Anaysis of anti-cancer effect of suberoylanilide hydroxamic acid (SAHA) in cisplatin resistant human bladder cancer cell-lines

Abstract

Introduction and Objective: Cisplatin-based chemotherapy remains first-line treatment for advanced bladder cancer. No standard chemotherapeutic agent has been established for patients with cisplatin resistant bladder cancer. We investigated the synergistic antitumor effect of suberoylanilide hydroxamic acid (SAHA) and cisplatin in cisplatin resistant bladder cancer cells. Methods: The cisplatin resistant human bladder cancer cell line (T24R2) was treated with cisplatin and/or SAHA. Tumor cell proliferation was assessed by cell counting kit-8 assay and clonogenic assay. Synergism was determined by combination index. Changes in cell cycle were determined by flow cytometry. Expression of caspase-3, 8 and 9, PARP, cytochrome c, p21, Bcl-2, Bad, p27, cyclin A, cyclin D1, and cyclin E were analyzed by Western blotting.

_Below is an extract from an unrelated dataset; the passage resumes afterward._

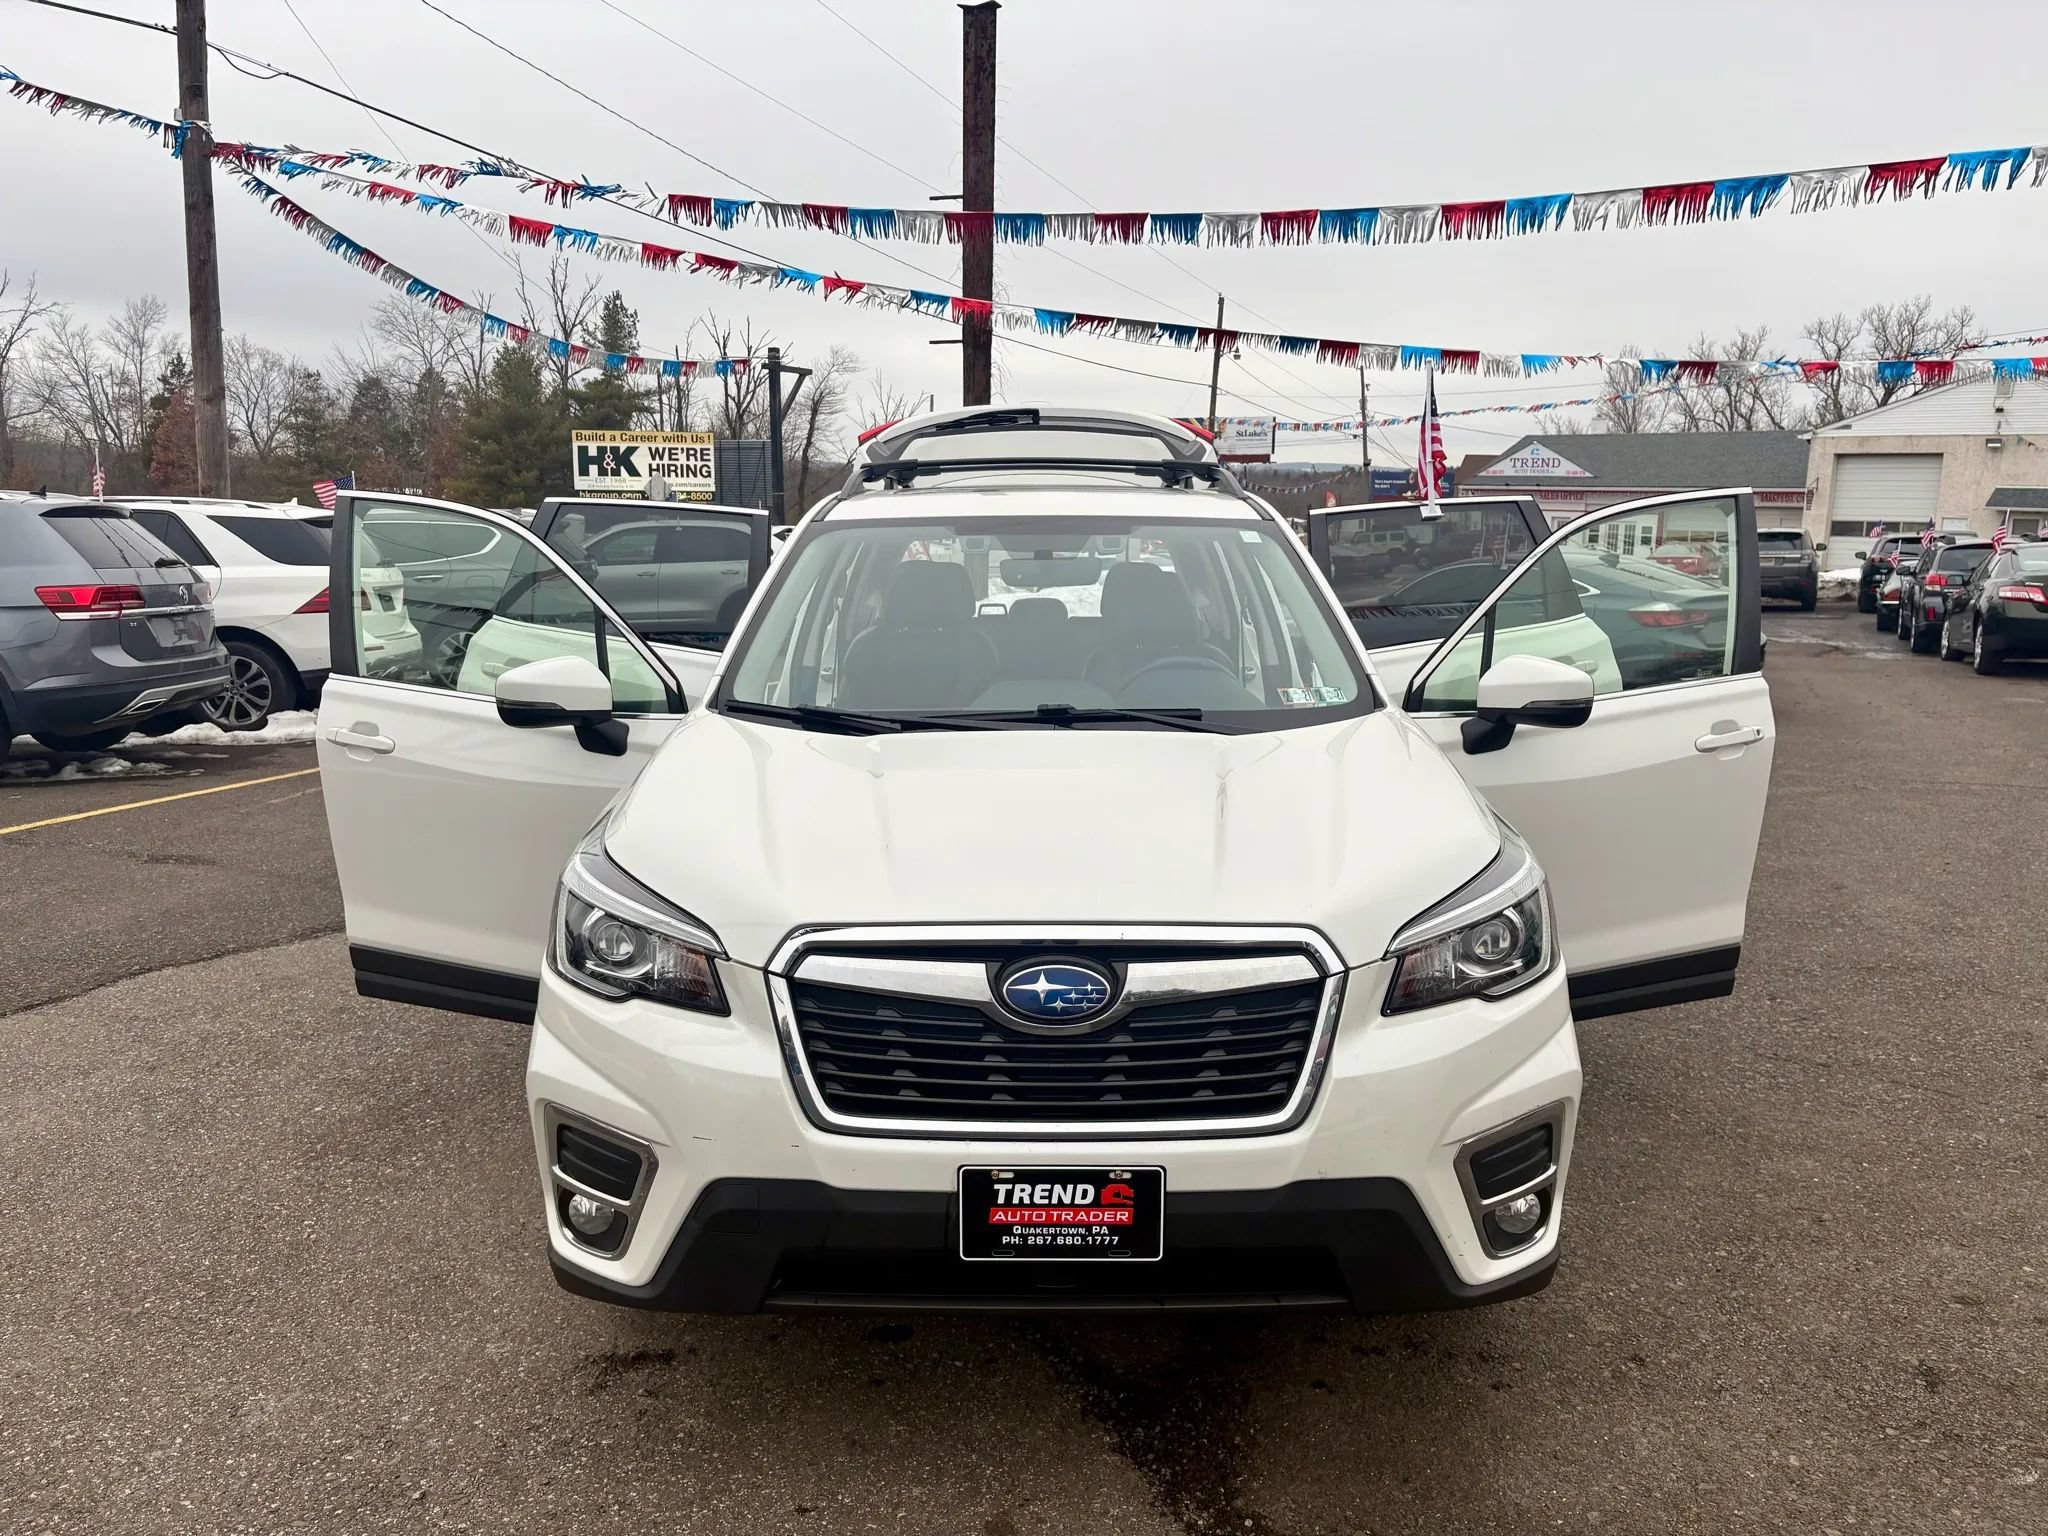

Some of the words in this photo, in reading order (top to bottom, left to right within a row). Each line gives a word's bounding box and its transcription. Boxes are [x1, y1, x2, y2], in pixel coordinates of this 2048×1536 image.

Results: Synergistic antitumor effect between cisplatin and SAHA was observed by cell counting kit-8 assay, clonogenic assay and confirmed with combination index less than 1.0. The underlying mechanism could be synergistic cell cycle arrest, activation of apoptotic pathway including capase-3, -8, -9 and fragmented PARP or decreased expression in anti-apoptotic Bcl-2 and increased expression in pro-apoptotic BAD. Conclusions: SAHA may synergistically enhance the antitumor effect of cisplatin and re-sensitize cisplatin resistant bladder cancer cells. These findings suggest the potential use of SAHA as a combination agent to enhance the antitumor effect of cisplatin in patients with advanced bladder cancer.